Op mijn beeldscherm zit een geeltje geplakt: ben je er nog? Adem je nog?
‘Nederland zweeft’ las ik vanochtend in de trein. Dat kan wel kloppen, spiritualiteit is hot. Veel vrienden / vriendinnen zijn er volop mee bezig. Ik kan nu met mensen – lees: mannen! – van wie ik het nooit verwacht had, praten over meditatietechnieken, yoga, tai chi, stilte, god, flow en al het andere dat tussen hemel en aarde zweeft.

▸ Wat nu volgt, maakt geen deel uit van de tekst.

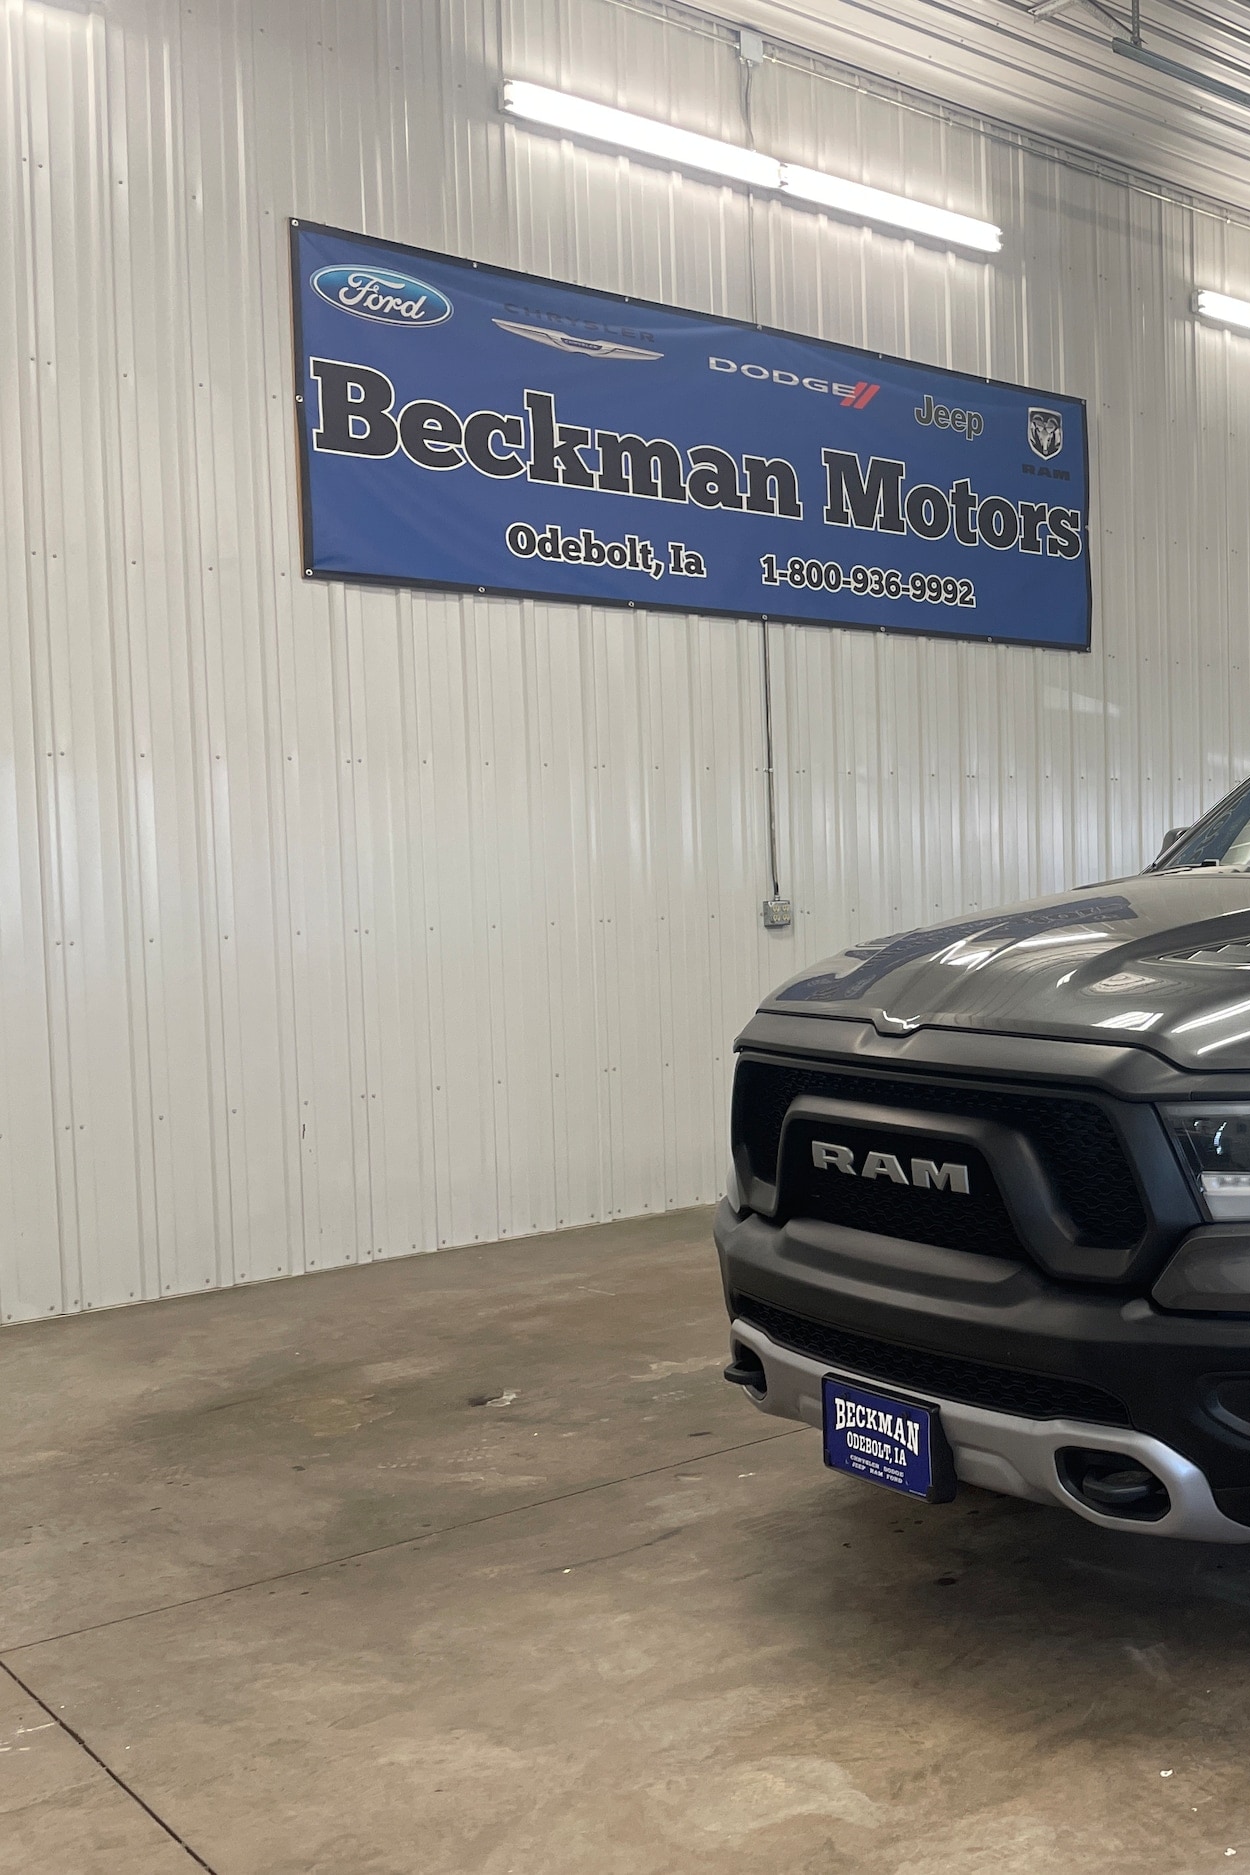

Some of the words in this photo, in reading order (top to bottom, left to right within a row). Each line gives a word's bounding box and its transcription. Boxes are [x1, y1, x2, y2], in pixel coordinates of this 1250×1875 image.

[338, 272, 427, 321] Ford
[503, 303, 655, 343] CHRYSLER
[708, 356, 857, 398] DODGE
[914, 395, 984, 441] Jeep
[309, 356, 803, 520] Beckman
[821, 447, 1082, 559] Motors
[1021, 464, 1070, 481] RAM
[506, 522, 662, 580] Odebolt,
[669, 542, 707, 578] Ia
[760, 554, 976, 608] 1-800-936-9992
[812, 1140, 970, 1194] RAM
[834, 1397, 920, 1457] BECKMAN
[846, 1431, 893, 1464] ODEBOLT,
[894, 1445, 907, 1466] IA

Nou ben ik een kind van de jaren ’70 en dus flink door de zweefwol gewassen. Bhagwan, (lach, huil, schreeuw, bid, werk en bewonder) meditaties, LSD trips, bewust ademend de zon zien opgaan in het Vondelpark, boeddhist worden: seen it, done it…
Gisterenavond zat ik met vriend F. in een hip cafe op de Overtoom. F. is dertiger, met goede baan, creatief, hele snelle denker maar relationeel momenteel een beetje in de war. En als de nood hoog is, vervaagt de grens naar zweefland. En omdat zweven weer hip is, was er volop ruimte voor mijn spirituele coming out en durfde ik voorzichtig te opperen dat het misschien wel zou helpen minder na te denken, maar ’s rustig een paar keer per dag te gaan zitten ademhalen, gedachten lekker langs te laten drijven en even niet bezig te zijn met duwen en trekken aan een patstelling. Ik werd niet uitgelachen of voor oude hippie uitgemaakt. F. vond het zelfs volstrekt normaal en nam zich vast voor die avond nog te beginnen.

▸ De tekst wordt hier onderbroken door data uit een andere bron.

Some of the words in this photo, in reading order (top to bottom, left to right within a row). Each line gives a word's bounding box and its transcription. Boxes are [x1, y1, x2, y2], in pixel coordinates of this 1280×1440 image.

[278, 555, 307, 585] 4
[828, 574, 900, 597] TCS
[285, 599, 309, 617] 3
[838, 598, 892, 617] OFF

Fasten your seatbelts want hier komt mijn meest spirituele ervaring ooit. Dat was een jaar of vijf geleden. Ik deed een – niet spiritueel! – zelfgroei programma. Drie dagen lang opgesloten met een groep mensen om knopen in je leven te ontwarren. Een achtbaan. Duizelingwekkend hard de diepte in, snel stijgen naar grote hoogten met geweldig uitzicht over je leven. Een uitputtingsslag waarbij iedere aanname over wie je bent, over je relaties, over je werk hard onderuit gaat. Na anderhalve dag voelde ik me een gepeld uitje: emotioneel en psychologisch gestript. Geen idee meer wie ik was. Slapen was er niet meer bij want ondanks uitputting stuiterend van de adrenaline. De derde ochtend stond ik om een uur of vijf op en liep het park in. Het doodsaaie, lelijke park bij mij voor de deur. Het was alsof ik het voor het eerst zag. Echt zag. Alsof ik de hele wereld voor het eerst echt zag. Alles om me heen iedere boom, struik, tak, paardenbloem, vibreerde met dezelfde energie. Ook ik maakte deel uit van die energie. Ik dacht niet, ik voelde niet, ik was. Niet meer en niet minder en het was perfect. Waarna het raam weer dichtging en nooit meer zover opengegaan is. Het was geen zweven, het was de meest echte ervaring ooit.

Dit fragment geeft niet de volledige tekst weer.